### EXTRACTED RECORDS
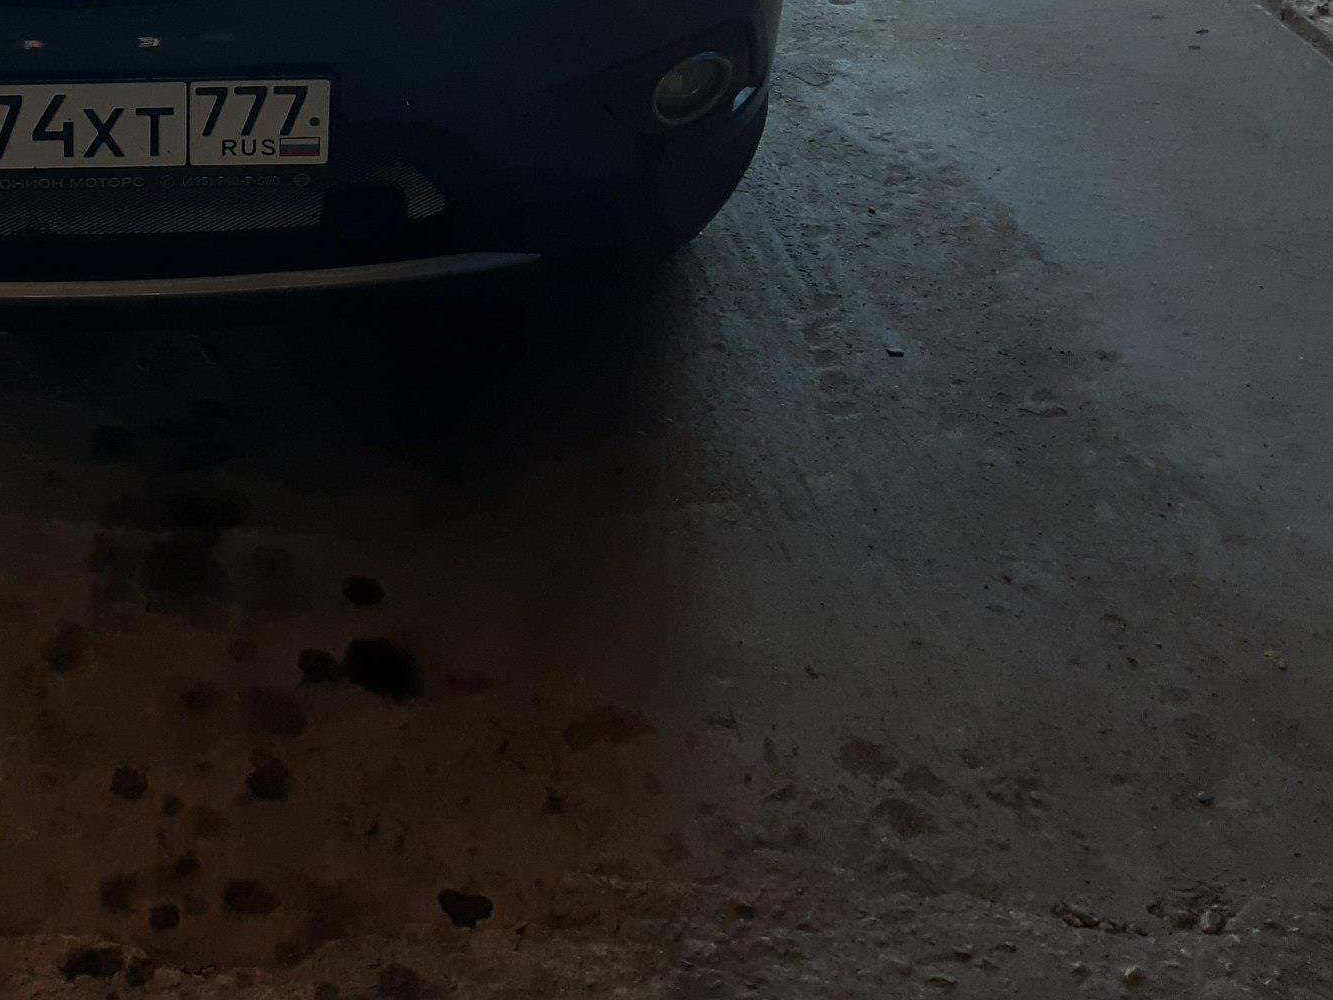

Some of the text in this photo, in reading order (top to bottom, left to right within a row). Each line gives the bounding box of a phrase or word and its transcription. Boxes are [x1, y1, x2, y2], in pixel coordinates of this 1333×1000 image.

[195, 86, 308, 136] 777
[221, 138, 276, 156] RUS
[70, 176, 146, 188] МОТОРС
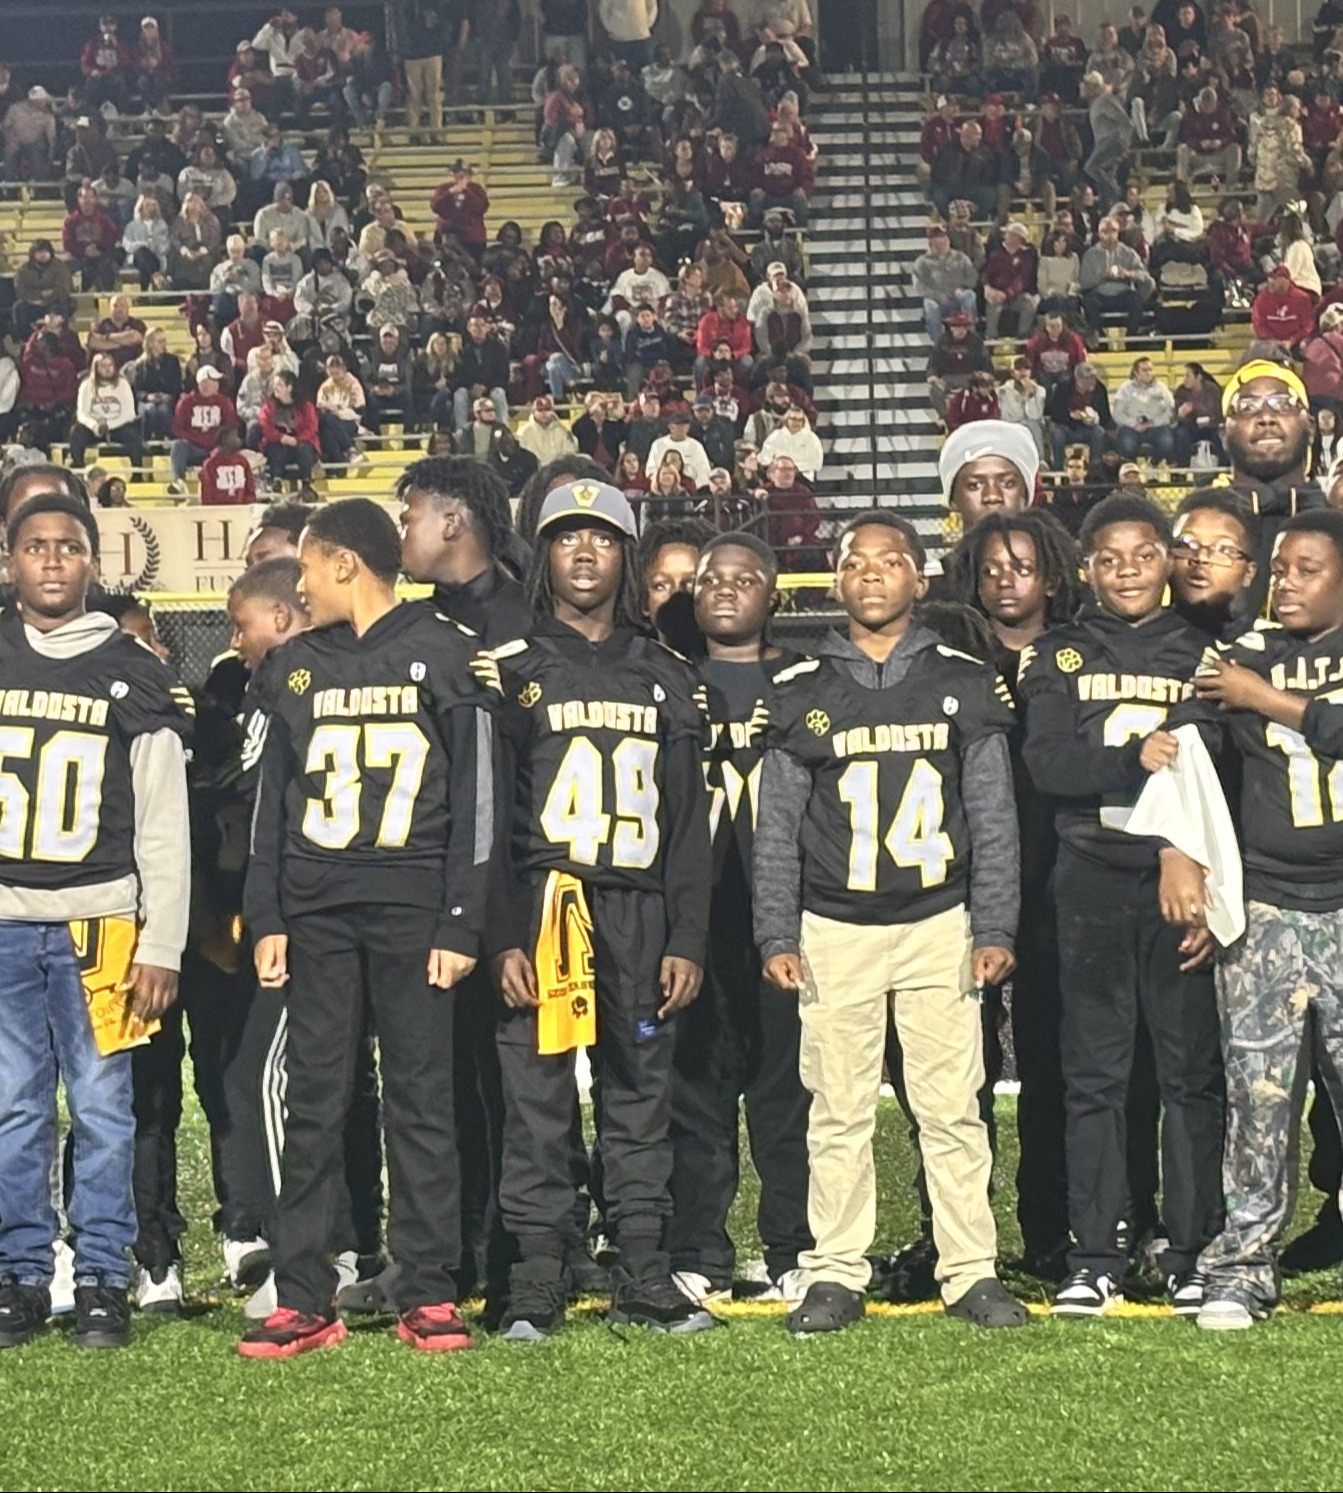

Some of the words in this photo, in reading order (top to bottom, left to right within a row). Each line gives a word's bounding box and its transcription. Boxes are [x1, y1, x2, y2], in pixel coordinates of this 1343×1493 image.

[313, 685, 418, 719] VALDOSTA
[547, 700, 658, 734] VALDOSTA
[832, 722, 949, 758] VALDOSTA
[302, 721, 431, 850] 37
[539, 735, 659, 869] 49
[837, 757, 955, 892] 14

### ABOUT THIS TASK
Output the listing above in full, exactly. No images.

### ANSWER TO THIS EXERCISE
Some of the text in this photo, in reading order (top to bottom, left to right within a row). Each line gives the bounding box of a phrase or word and its transcription. Boxes are [x1, y1, x2, y2], in pixel coordinates of this 1333×1000 image.

[195, 86, 308, 136] 777
[221, 138, 276, 156] RUS
[70, 176, 146, 188] МОТОРС

Some of the words in this photo, in reading order (top to bottom, left to right within a row). Each line gives a word's bounding box and its transcription. Boxes are [x1, y1, x2, y2], in pixel coordinates of this 1343×1493 image.

[313, 685, 418, 719] VALDOSTA
[547, 700, 658, 734] VALDOSTA
[832, 722, 949, 758] VALDOSTA
[302, 721, 431, 850] 37
[539, 735, 659, 869] 49
[837, 757, 955, 892] 14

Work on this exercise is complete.